Ce qui a révolutionné l'hôtellerie française en 2021

Secouée par le Covid en 2020, l’hôtellerie française s’est requinquée en 2021, mais sa convalescence n’est pas homogène. Selon les destinations et les positionnements, il faudra attendre pour renouer avec les résultats de 2019, que certains ont déjà égalés et dépassés. Paris en dépression, la Bretagne et la Nouvelle Aquitaine en franche reprise… la carte du succès n’est pas monocolore.

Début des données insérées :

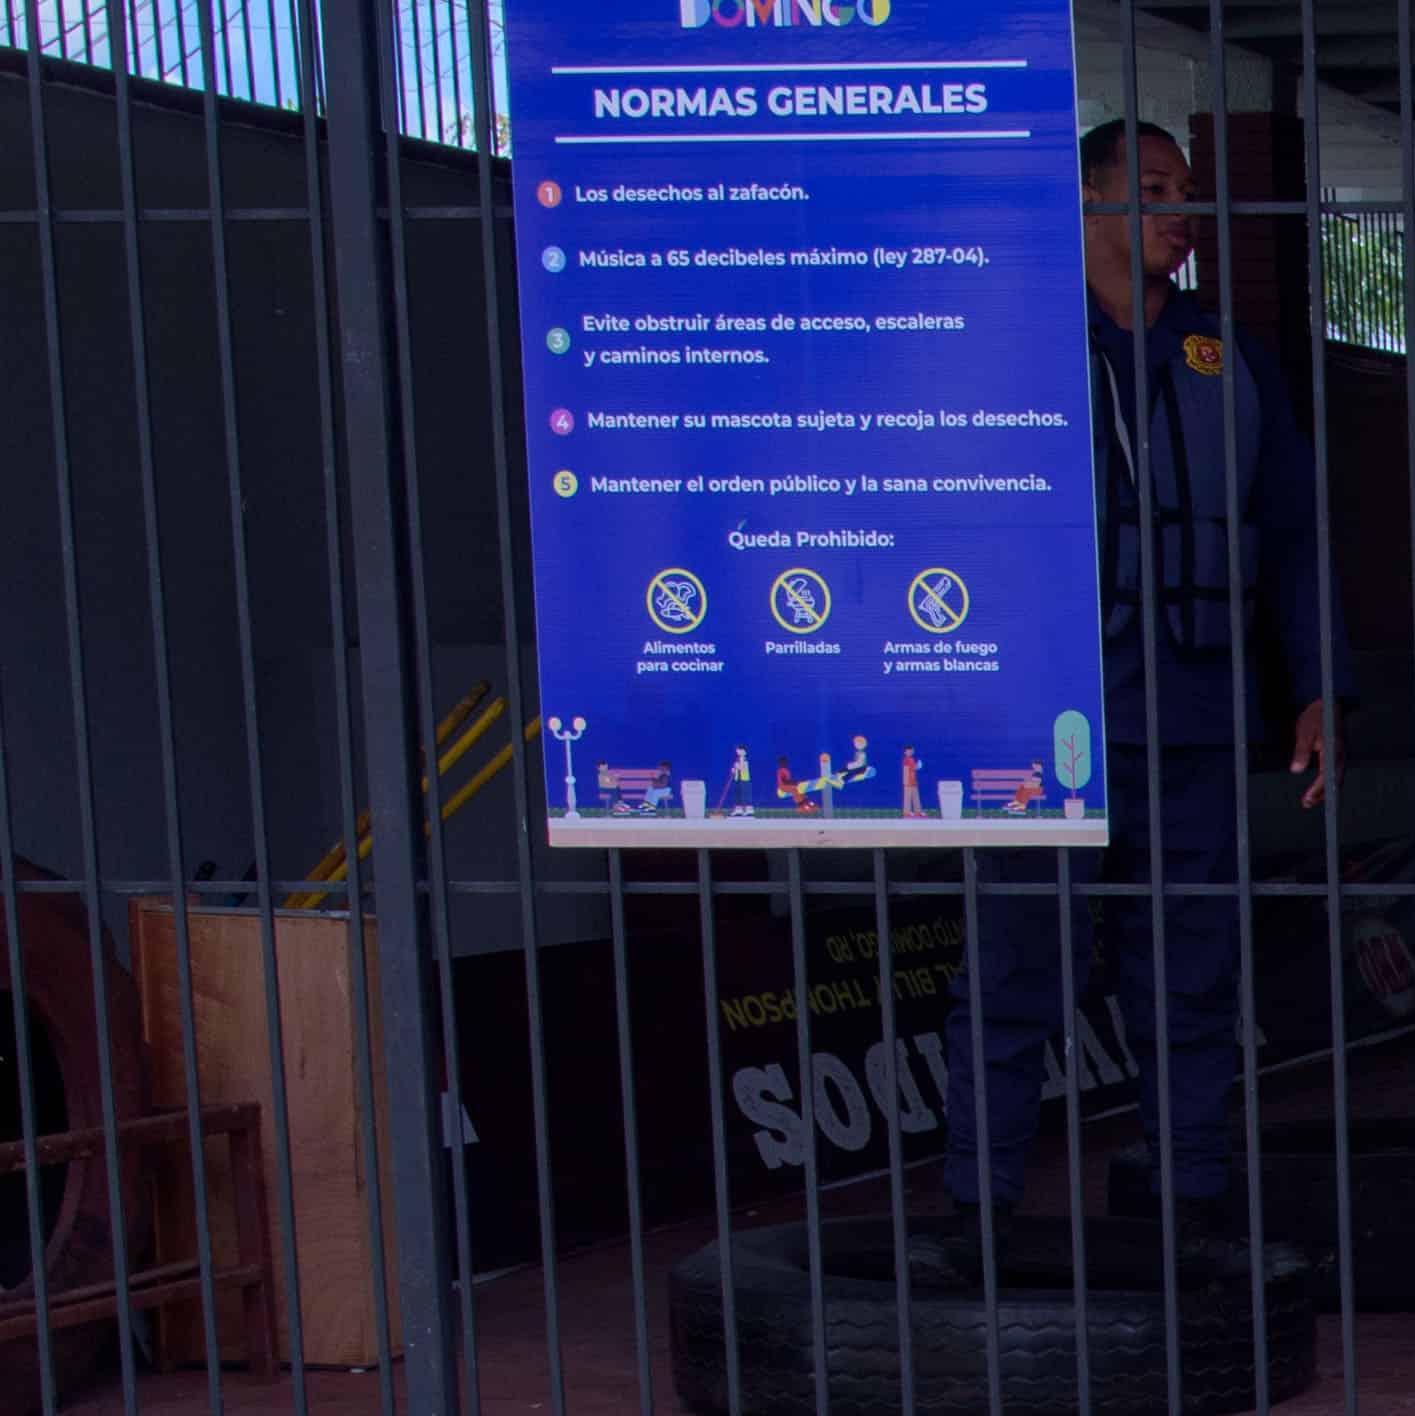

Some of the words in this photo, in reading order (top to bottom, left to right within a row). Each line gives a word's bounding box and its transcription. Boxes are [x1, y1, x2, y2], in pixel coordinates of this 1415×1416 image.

Les chiffres définitifs de 2021 sont tombés le 14 janvier 2022 : en 2021, le taux d’occupation s’est élevé à 43,7% dans les hébergements français. Il s’agit-là d’une performance, car cette moyenne est supérieure de 11,2% au comptage valant pour la fin 2020, mais inférieure de 25,2 % par rapport à 2019 (Attention, n’imaginons pas que le niveau normal est à 100 %). En moyenne, en effet, le taux d'occupation de l'hôtelerier française flirte régulièrement avec les 62%.

Selon l'étude du spécialiste MKG, la situation de l’hôtellerie est extrêmement disparate : certains segments ou régions sont en dépression, tandis que les autres "pètent" la forme, littéralement ! Parmi les secteurs sinistrés figurent le haut de gamme et l’hôtellerie parisienne (qui sont parfois la même chose). La reprise est cruelle car elle n’est pas égale : il y a Jean qui rit et Jean qui pleure.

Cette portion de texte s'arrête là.